I went to my OB-GYN and told him everything: the crying, the anger, the rage. I told him I stopped eating normally, and I wasn't sleeping regularly. The only thing I didn’t tell him about were the suicidal thoughts. I didn’t want someone to take away my daughter. I didn’t want to be put away, and secretly I felt that it was still an option. If I didn’t tell anyone about them, they couldn’t try and talk me out of them; they couldn’t try to pull me back from the ledge.
Within 48 hours I was on Wellbutrin, and six weeks later, I was in a psychiatrist’s office — at the same hospital in which I gave birth — pouring out my heart and soul (well, as much as I could in the hour allotted by my insurance company). But it was my one and only session, because psychiatrists are seen for medication, and I’d stop taking mine a month-and-a-half later, not because I was better, but because I was breastfeeding. Because I was “doing better”.
What’s the worst that could happen? I thought. Well, my depression returned, harder, faster, angrier, sadder. The emptiness returned. The darkness returned. The suicidal thoughts roared in my ears.
I finally found help when my daughter was nearly 16 months old, about six months after I gave up breastfeeding — and the associated guilt — and mere days after I enrolled her in part-time daycare. I’d like to say I had an ah-ha moment, but the truth is I had a rock bottom one night while running the streets of Staten Island, my suicidal thoughts became a plan, a plan to keep running until I hit a bridge or busy intersection. A plan to never go home. A plan so clear and terrifying I begged my husband to commit me.
The next morning I started my journey to recovery. I called my insurance company to see what psychologists, psychiatrists, and social workers were within a five-mile radius from my home. With a list of numbers and bus routes mapped (thanks Google!), I narrowed down my options. I made a few calls, found out who had availability — and soon — and who had a female on staff. (Normally I don’t care, but this time I wanted a woman. I needed a woman.) A week later I was on my way to my first appointment.
Here’s the thing: I didn’t want to go and, if I am being honest, I almost bailed. I almost got off the bus two miles too early. I considered staying on the bus three miles too late, but I didn’t. I got off the bus at the right stop, and waited — a trembling wreck — in the reception area. I went. And while I ironically didn’t cry, I was honest. I let go of all pretenses and assumptions of what my therapist would think, and I purged each and every ugly detail of my life. All the while she listened. She was warm and empathetic and understanding. She didn’t flinch when I told her about the suicidal thoughts. She didn’t make me feel bad or crazy. Instead, she made me feel heard. And while I was still broken when I walked out of her office 90 minutes later, I was relieved. Someone knew. Someone heard me. Someone saw me. I was going to be OK.

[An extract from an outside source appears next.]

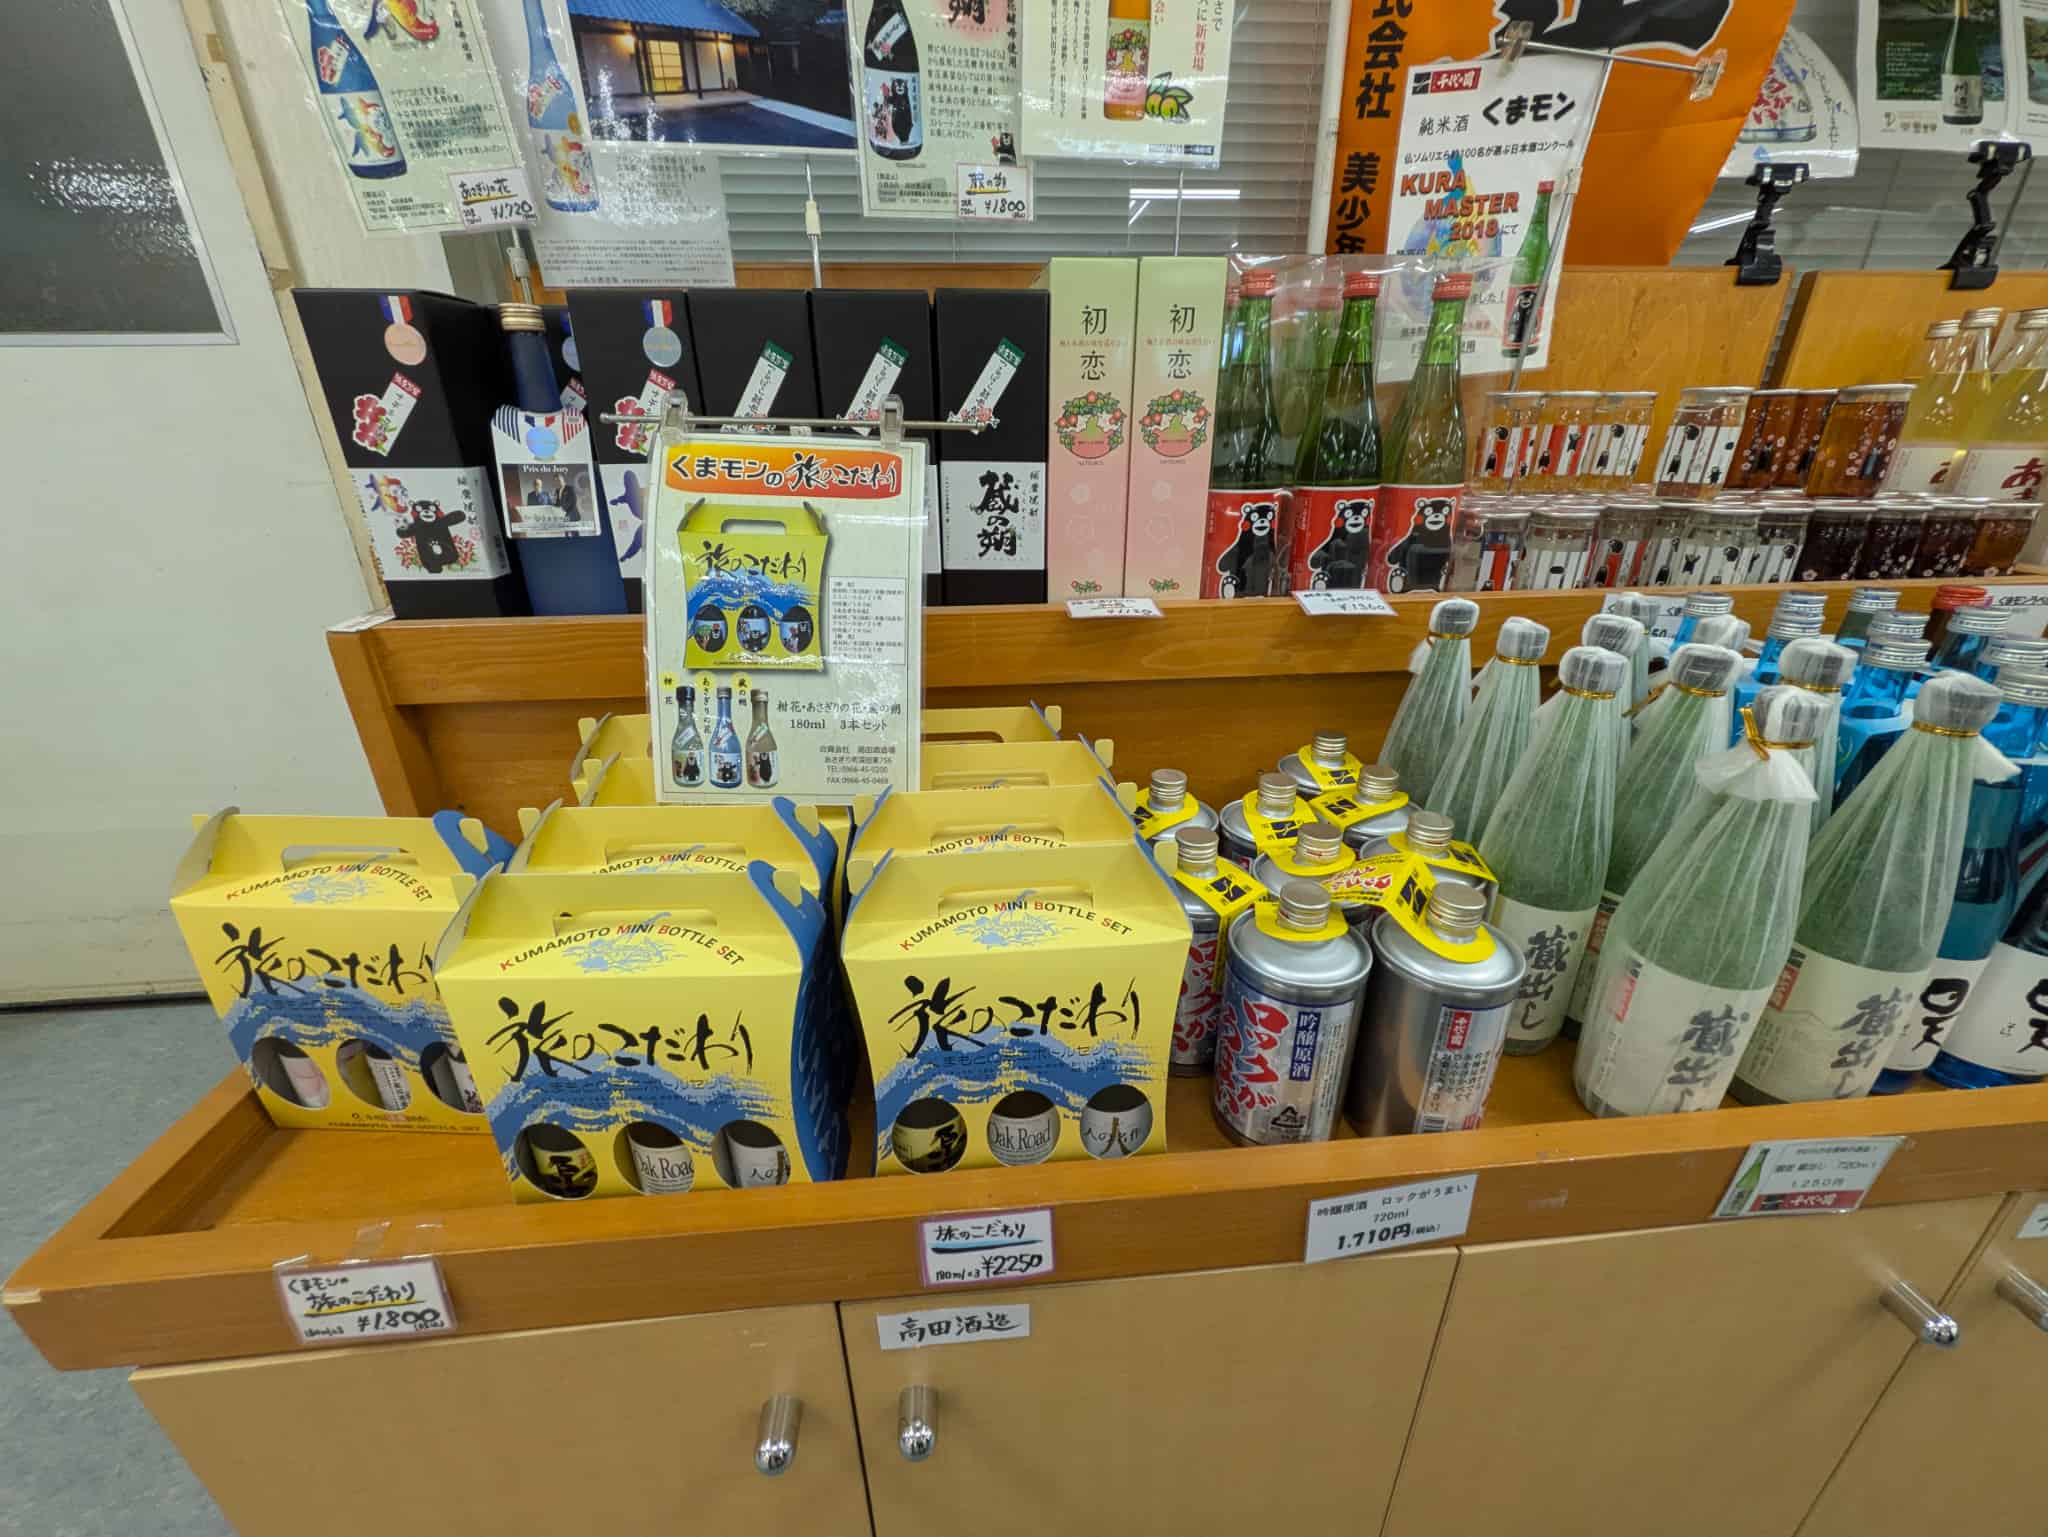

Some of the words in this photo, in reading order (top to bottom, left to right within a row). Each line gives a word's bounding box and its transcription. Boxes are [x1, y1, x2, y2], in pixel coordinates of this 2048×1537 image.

Thanks to therapy and the introduction of Sam-e, a natural mood supplement, I began to feel better, but it wasn’t until the spring of 2015 (nearly two years after her birth) that I began to feel like myself.
My experience was just that: my experience. What worked for me may not work for anyone else, but talking about it helps. So talk. Talk with your family, with your friends, with co-workers, your doctor, with anyone who’ll listen. You don’t need to worry about explaining it “right” or “sounding stupid”. You don’t need to know what you need or even how to fix it; you just need to say something because the most dangerous thing you can do is suffer in silence. The most dangerous thing you can do is struggle alone.